Свет в комнате моргнул и потух, по стенам пошла дрожь, барофон зашипел:
— Х-р-шарах. Время… Положите… Ш-ш-рах.
— Опять скачок. Поторопимся. Сыпь молнию и брабар в радугу! — хвост Гудары дергался то в одну, то в другую сторону, она нервничала. — Держи специи, — напористо протянула два пакетика и желтовато-серую ложку для помешивания радуги.
— Да сыплю я уже, сыплю, — руки Егора дрожали, порошки всыпались неравномерно, он мешал радугу не переставая. — Что дальше?
— Макай в кастрюльку кисть! — Гудара протянула длинную кисточку из мягкого беличьего меха и сыпанула в радугу что-то такое, что та задымилась холодом. — Нам нужно остановить утечку жидкости из фонарика.
Гудара поставила перед Егором покореженный металлический поднос, на него поставила ушастую кастрюльку. Егор положил на стол опустевшие пакетики, ложку. Под ложкой растеклась радужная лужица.
— У тебя две попытки окунуть кисть.
— А потом что?
— Потом она рассыплется на мелкие кусочки. Смотри на фонарик и представь какой он был раньше, — Гудара не переставая дергала кончиком хвоста, будто пытаясь таким образом помочь.
— Я не знаю, какой он был, — Егор в растерянности смотрел на фонарик, хотелось бросить и кисть, и фонарик, бежать подальше из этой нереальной комнаты.
— Значит, придумай, — напирала кошка. — Представь, макни кисть в кастрюльку и проведи по фонарику, словно он целый, а ты его кисточкой красишь. Две попытки!

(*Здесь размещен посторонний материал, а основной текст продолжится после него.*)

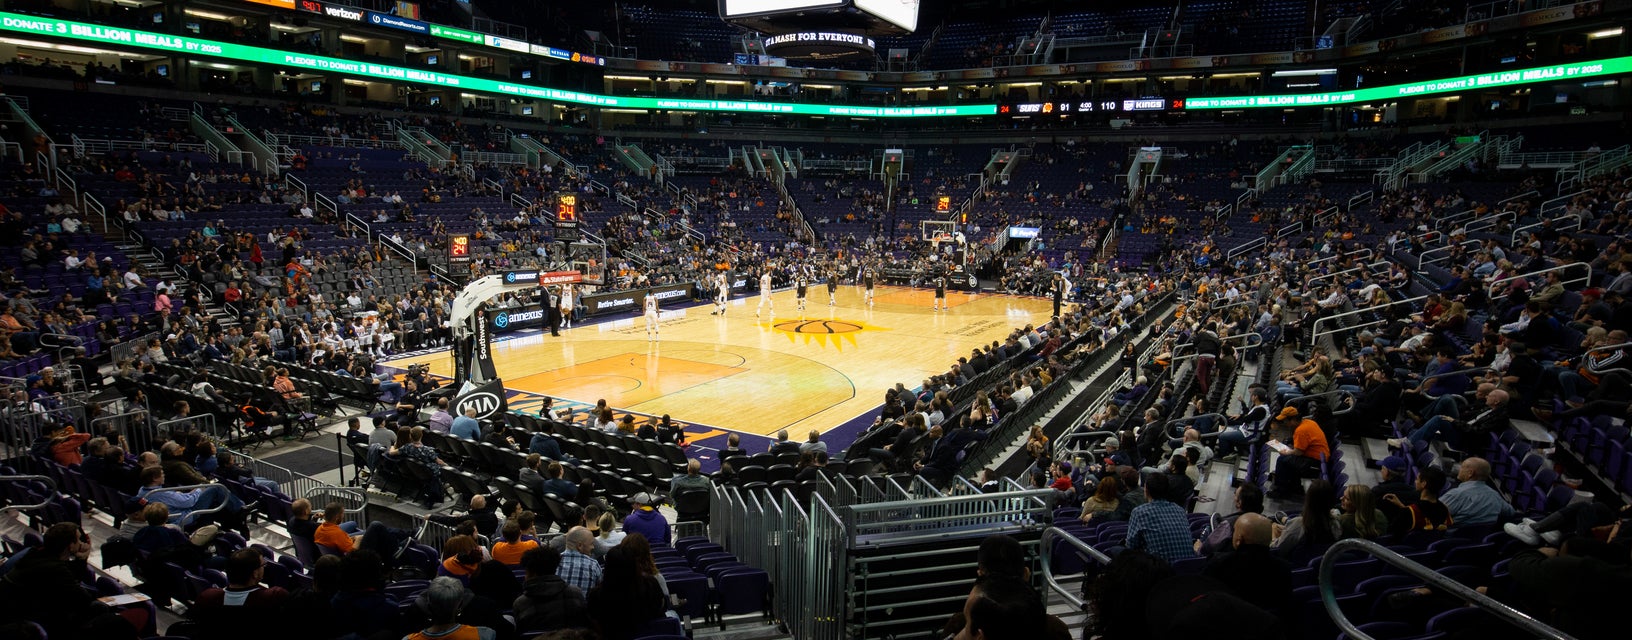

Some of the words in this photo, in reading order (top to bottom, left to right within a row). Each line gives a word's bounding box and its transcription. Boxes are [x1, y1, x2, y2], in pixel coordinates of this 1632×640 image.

[326, 7, 360, 20] verizon
[4, 18, 53, 31] DONATE
[57, 23, 66, 33] 3
[71, 24, 131, 41] BILLION
[135, 33, 183, 48] MEALS
[186, 42, 199, 50] BY
[201, 44, 221, 53] 2025
[775, 35, 796, 43] MASH
[819, 33, 863, 44] EVERYONE
[286, 56, 316, 66] PLEDGE
[330, 62, 358, 71] DONATE
[360, 64, 366, 72] 3
[369, 66, 404, 77] BILLION
[407, 70, 436, 82] MEALS
[1400, 85, 1425, 94] PLEDGE
[1437, 80, 1466, 89] DONATE
[1468, 78, 1474, 86] 3
[1477, 72, 1520, 85] BILLION
[1523, 67, 1564, 80] MEALS
[1567, 67, 1580, 75] BY
[1582, 65, 1602, 73] 2025
[1019, 104, 1040, 112] SUNS
[1061, 103, 1070, 111] 91
[1101, 102, 1115, 110] 110
[1173, 100, 1183, 108] 24
[1257, 96, 1294, 105] BILLION
[1297, 95, 1329, 103] MEALS
[560, 196, 575, 205] 4:00
[938, 202, 948, 210] 24
[559, 205, 574, 221] 24
[453, 245, 465, 255] 24
[598, 301, 613, 309] Retire
[509, 310, 543, 322] annexus
[463, 397, 495, 413] KIA

— Понял, — сердце Егора колотилось, ладошки вспотели. Он не понимал, чем его действия помогут фонарику или девочке. Представить этот треснувший фонарик целым оказалось трудной задачей. — Как? Гудара, помоги!
— Закрой глаза, посмотри на фонарик снаружи и изнутри, — голос Гудары звучал неторопливо и ласково, как будто времени — вагон. Егор успокоился и закрыл глаза.
Фонарик изнутри выглядел огромным, над головой Егора повис ровный купол, он открыл глаза и решительно окунул кисть в холодный дым радуги, очертил границы фонарика, как если бы тот был целым.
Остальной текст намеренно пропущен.